(Recorded data):
******************************
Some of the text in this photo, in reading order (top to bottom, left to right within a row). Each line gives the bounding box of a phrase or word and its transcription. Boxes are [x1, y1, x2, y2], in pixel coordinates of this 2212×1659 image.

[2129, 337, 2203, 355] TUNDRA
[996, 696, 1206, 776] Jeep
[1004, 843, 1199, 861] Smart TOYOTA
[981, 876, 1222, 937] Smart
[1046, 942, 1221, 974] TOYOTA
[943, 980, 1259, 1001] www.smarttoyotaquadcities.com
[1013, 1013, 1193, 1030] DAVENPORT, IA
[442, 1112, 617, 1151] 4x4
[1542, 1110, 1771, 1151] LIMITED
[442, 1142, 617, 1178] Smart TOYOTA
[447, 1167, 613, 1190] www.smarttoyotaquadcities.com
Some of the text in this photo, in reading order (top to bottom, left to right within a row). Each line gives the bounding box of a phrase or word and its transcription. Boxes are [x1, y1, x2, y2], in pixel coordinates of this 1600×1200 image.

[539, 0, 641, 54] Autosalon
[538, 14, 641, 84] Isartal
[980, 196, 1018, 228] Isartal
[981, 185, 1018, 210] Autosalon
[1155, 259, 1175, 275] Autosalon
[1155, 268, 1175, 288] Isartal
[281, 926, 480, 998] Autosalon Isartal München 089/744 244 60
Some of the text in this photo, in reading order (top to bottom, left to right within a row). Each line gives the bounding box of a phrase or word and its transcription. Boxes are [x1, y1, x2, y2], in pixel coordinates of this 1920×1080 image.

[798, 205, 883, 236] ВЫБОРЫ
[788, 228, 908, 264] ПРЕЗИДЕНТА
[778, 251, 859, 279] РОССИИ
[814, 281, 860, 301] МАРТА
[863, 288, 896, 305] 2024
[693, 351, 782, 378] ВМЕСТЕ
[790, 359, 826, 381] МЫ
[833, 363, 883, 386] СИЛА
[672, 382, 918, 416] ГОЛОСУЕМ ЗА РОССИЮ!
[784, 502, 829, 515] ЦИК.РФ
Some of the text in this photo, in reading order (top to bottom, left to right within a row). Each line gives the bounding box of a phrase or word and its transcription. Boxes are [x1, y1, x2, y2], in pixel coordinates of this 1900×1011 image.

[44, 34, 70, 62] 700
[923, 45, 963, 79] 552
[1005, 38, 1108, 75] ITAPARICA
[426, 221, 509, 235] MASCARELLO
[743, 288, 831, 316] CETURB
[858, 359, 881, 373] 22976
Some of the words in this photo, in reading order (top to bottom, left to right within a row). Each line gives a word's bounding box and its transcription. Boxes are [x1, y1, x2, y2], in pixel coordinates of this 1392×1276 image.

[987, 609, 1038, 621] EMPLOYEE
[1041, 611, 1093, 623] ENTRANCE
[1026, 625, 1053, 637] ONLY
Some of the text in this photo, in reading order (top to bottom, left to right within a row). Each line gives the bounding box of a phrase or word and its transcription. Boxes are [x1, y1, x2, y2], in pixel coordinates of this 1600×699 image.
******************************
(What to do): Transcribe every line of the records, keeping each one exact.

(Task result):
Some of the text in this photo, in reading order (top to bottom, left to right within a row). Each line gives the bounding box of a phrase or word and its transcription. Boxes are [x1, y1, x2, y2], in pixel coordinates of this 2212×1659 image.

[2129, 337, 2203, 355] TUNDRA
[996, 696, 1206, 776] Jeep
[1004, 843, 1199, 861] Smart TOYOTA
[981, 876, 1222, 937] Smart
[1046, 942, 1221, 974] TOYOTA
[943, 980, 1259, 1001] www.smarttoyotaquadcities.com
[1013, 1013, 1193, 1030] DAVENPORT, IA
[442, 1112, 617, 1151] 4x4
[1542, 1110, 1771, 1151] LIMITED
[442, 1142, 617, 1178] Smart TOYOTA
[447, 1167, 613, 1190] www.smarttoyotaquadcities.com
Some of the text in this photo, in reading order (top to bottom, left to right within a row). Each line gives the bounding box of a phrase or word and its transcription. Boxes are [x1, y1, x2, y2], in pixel coordinates of this 1600×1200 image.

[539, 0, 641, 54] Autosalon
[538, 14, 641, 84] Isartal
[980, 196, 1018, 228] Isartal
[981, 185, 1018, 210] Autosalon
[1155, 259, 1175, 275] Autosalon
[1155, 268, 1175, 288] Isartal
[281, 926, 480, 998] Autosalon Isartal München 089/744 244 60
Some of the text in this photo, in reading order (top to bottom, left to right within a row). Each line gives the bounding box of a phrase or word and its transcription. Boxes are [x1, y1, x2, y2], in pixel coordinates of this 1920×1080 image.

[798, 205, 883, 236] ВЫБОРЫ
[788, 228, 908, 264] ПРЕЗИДЕНТА
[778, 251, 859, 279] РОССИИ
[814, 281, 860, 301] МАРТА
[863, 288, 896, 305] 2024
[693, 351, 782, 378] ВМЕСТЕ
[790, 359, 826, 381] МЫ
[833, 363, 883, 386] СИЛА
[672, 382, 918, 416] ГОЛОСУЕМ ЗА РОССИЮ!
[784, 502, 829, 515] ЦИК.РФ
Some of the text in this photo, in reading order (top to bottom, left to right within a row). Each line gives the bounding box of a phrase or word and its transcription. Boxes are [x1, y1, x2, y2], in pixel coordinates of this 1900×1011 image.

[44, 34, 70, 62] 700
[923, 45, 963, 79] 552
[1005, 38, 1108, 75] ITAPARICA
[426, 221, 509, 235] MASCARELLO
[743, 288, 831, 316] CETURB
[858, 359, 881, 373] 22976
Some of the words in this photo, in reading order (top to bottom, left to right within a row). Each line gives a word's bounding box and its transcription. Boxes are [x1, y1, x2, y2], in pixel coordinates of this 1392×1276 image.

[987, 609, 1038, 621] EMPLOYEE
[1041, 611, 1093, 623] ENTRANCE
[1026, 625, 1053, 637] ONLY
Some of the text in this photo, in reading order (top to bottom, left to right within a row). Each line gives the bounding box of a phrase or word and its transcription. Boxes are [x1, y1, x2, y2], in pixel coordinates of this 1600×699 image.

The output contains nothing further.